One of the great mysteries of Mesa Verde is why it was abandoned in a relatively short time period. In the late 1200s people began to move away and by about 1300 Mesa Verde was deserted. This period coincided with an extended period of drought, so perhaps that was the reason for their flight. Or maybe the natural resources of the area had become depleted, the game over-hunted and soils leached of nutrients. Or perhaps it was simply that this formerly nomadic people, a culture that was used to picking up stakes and moving on, moved because there were other places where the figurative grass looked greener.

For whatever reason, Mesa Verde fell into a prolonged slumber and it wasn’t until the late 1800s that the larger world became aware of the ruins. Scientific work began soon after, with pioneering archeologists working to investigate and stabilize the structures. In 1906 it became a national park, the first to preserve an archeological site. Today it is also a UNESCO World Heritage Site, part of the patrimony of all humans.

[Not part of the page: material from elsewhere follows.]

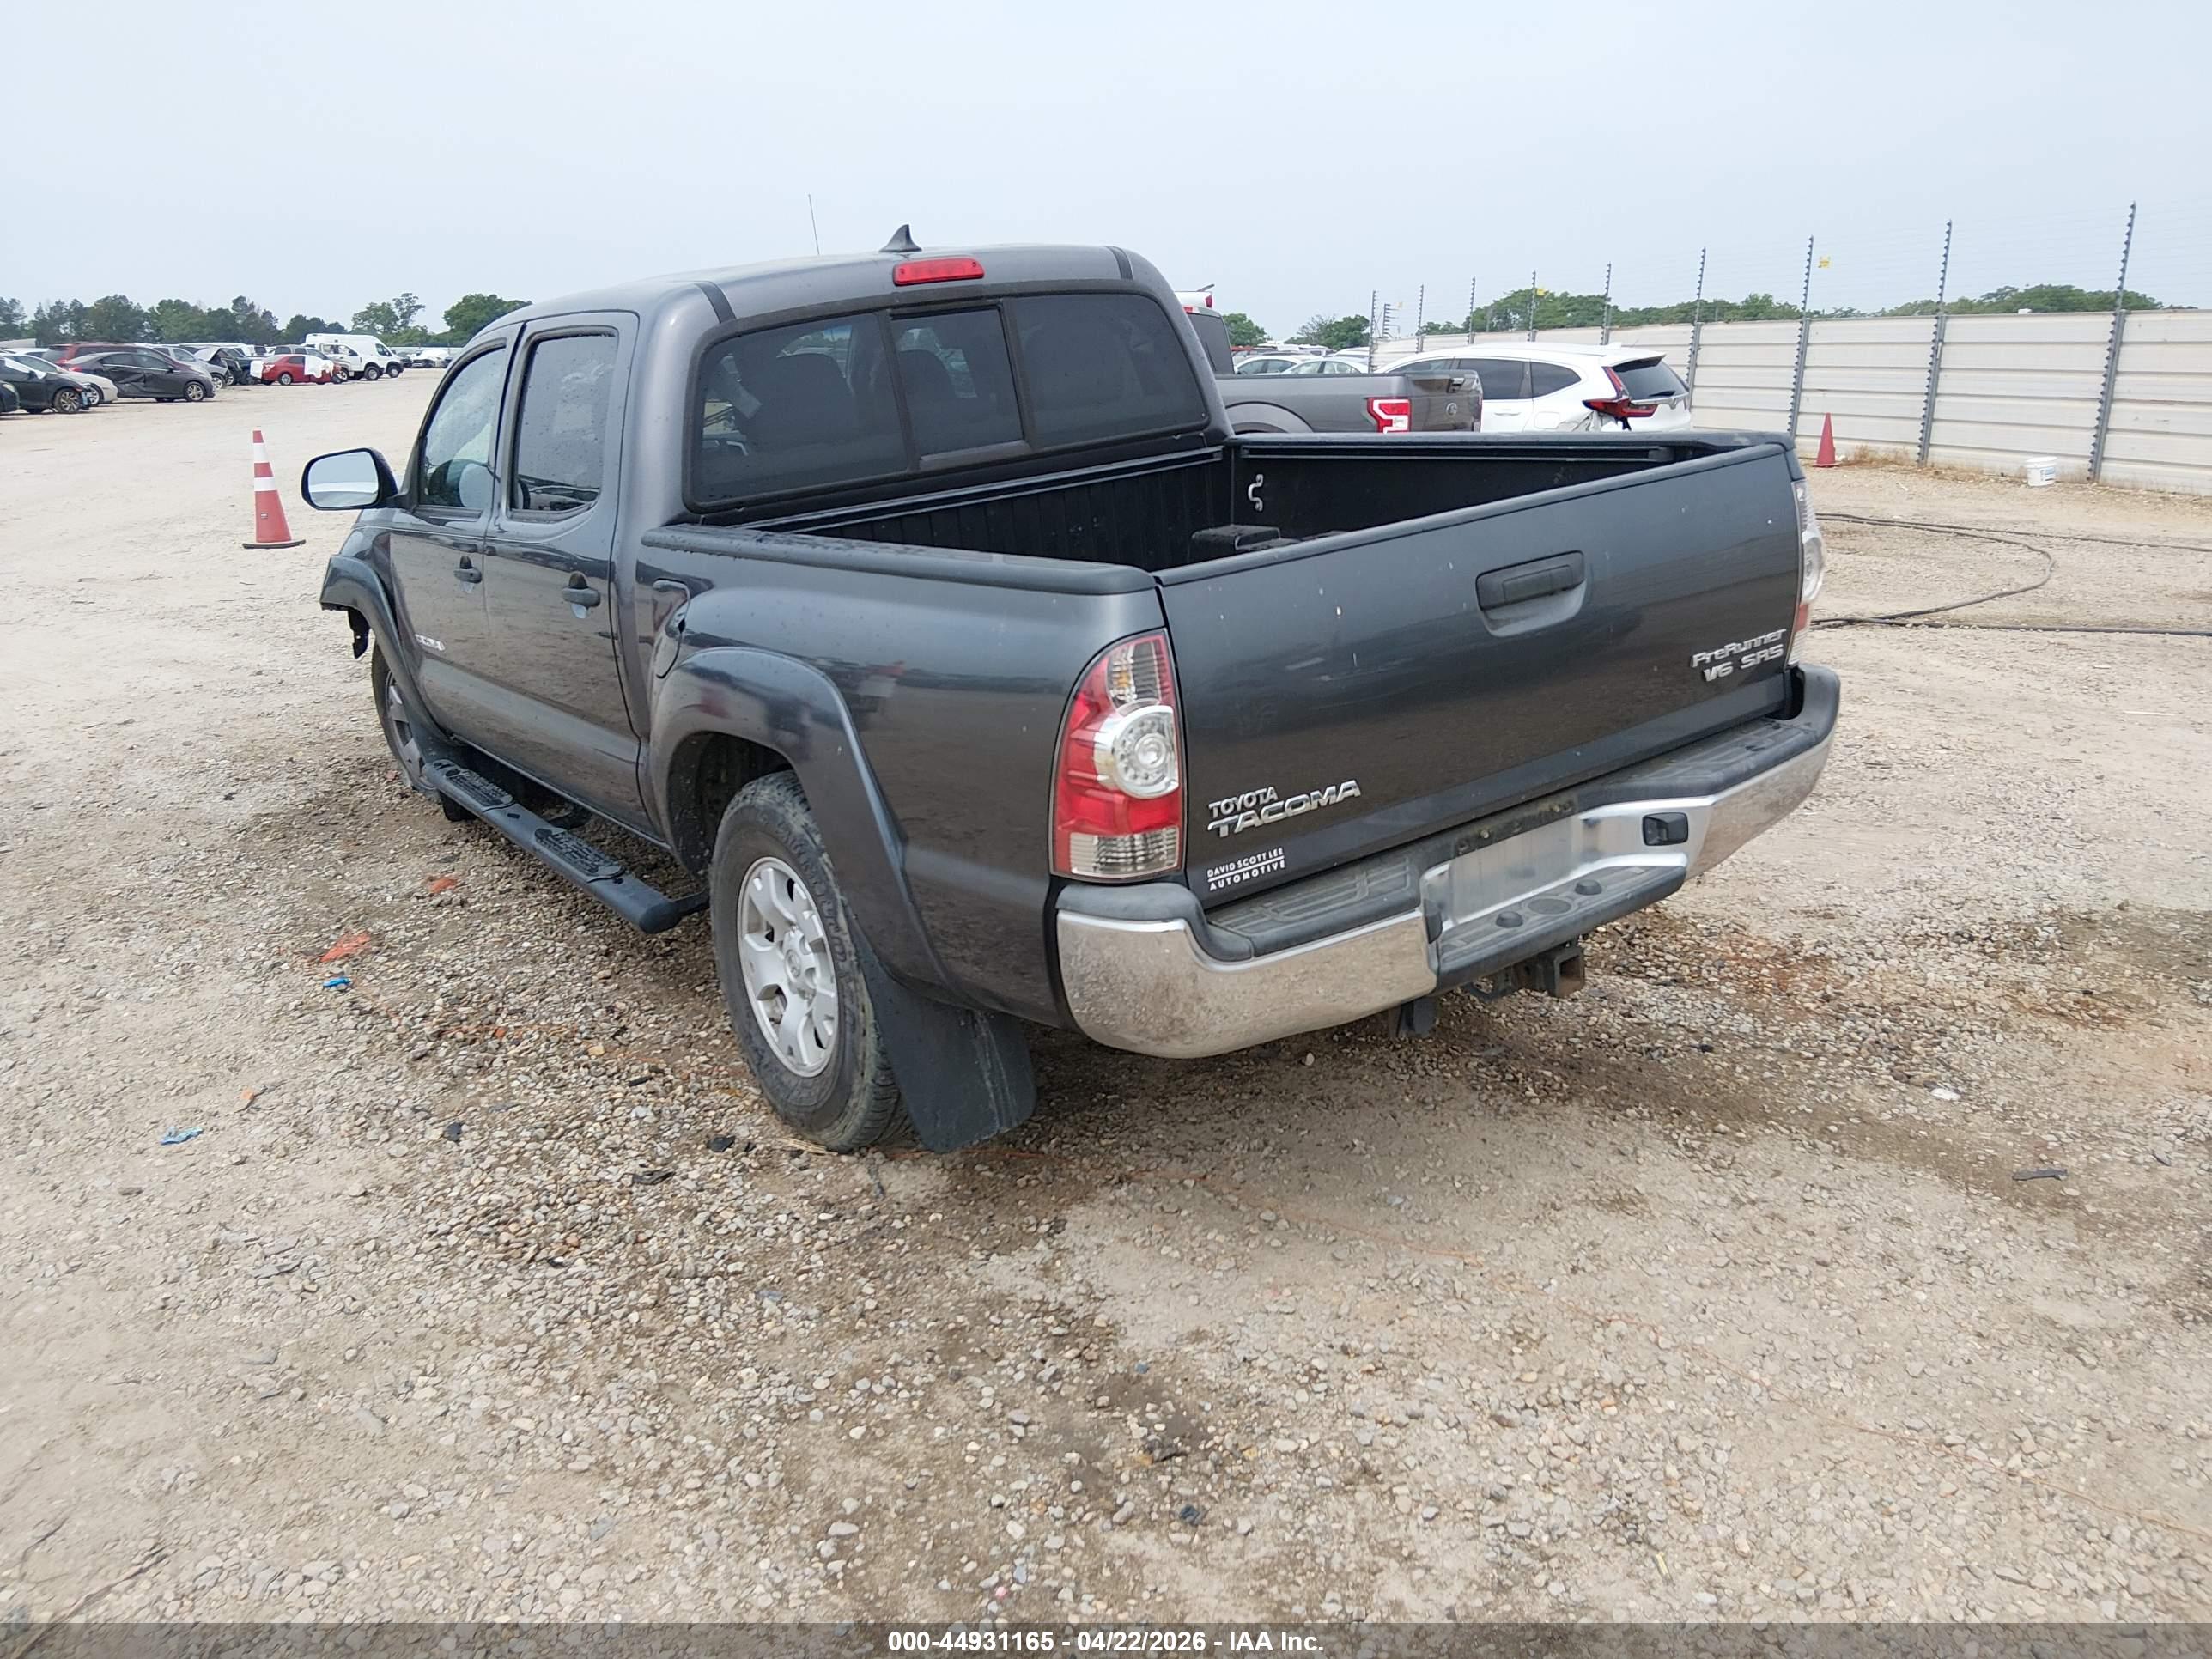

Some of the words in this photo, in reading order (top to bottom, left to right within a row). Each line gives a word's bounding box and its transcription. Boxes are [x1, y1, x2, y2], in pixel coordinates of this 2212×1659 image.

As I toured the ruins, I thought many of the rooms had a surprisingly modern feel, as if they were high-rise apartments waiting for the return of their residents, who would soon come back to sweep away the dust and begin housekeeping once again. But in thinking back to my time there, I find myself returning again and again to that narrow portal that led into the Balcony House. It lent a dreamlike feel to my visit there, making it an almost Alice-in-Wonderland sort of experience. What was it like to live perched high above the earth like that? And why did it feel like there was still a living presence in the ruins of Mesa Verde?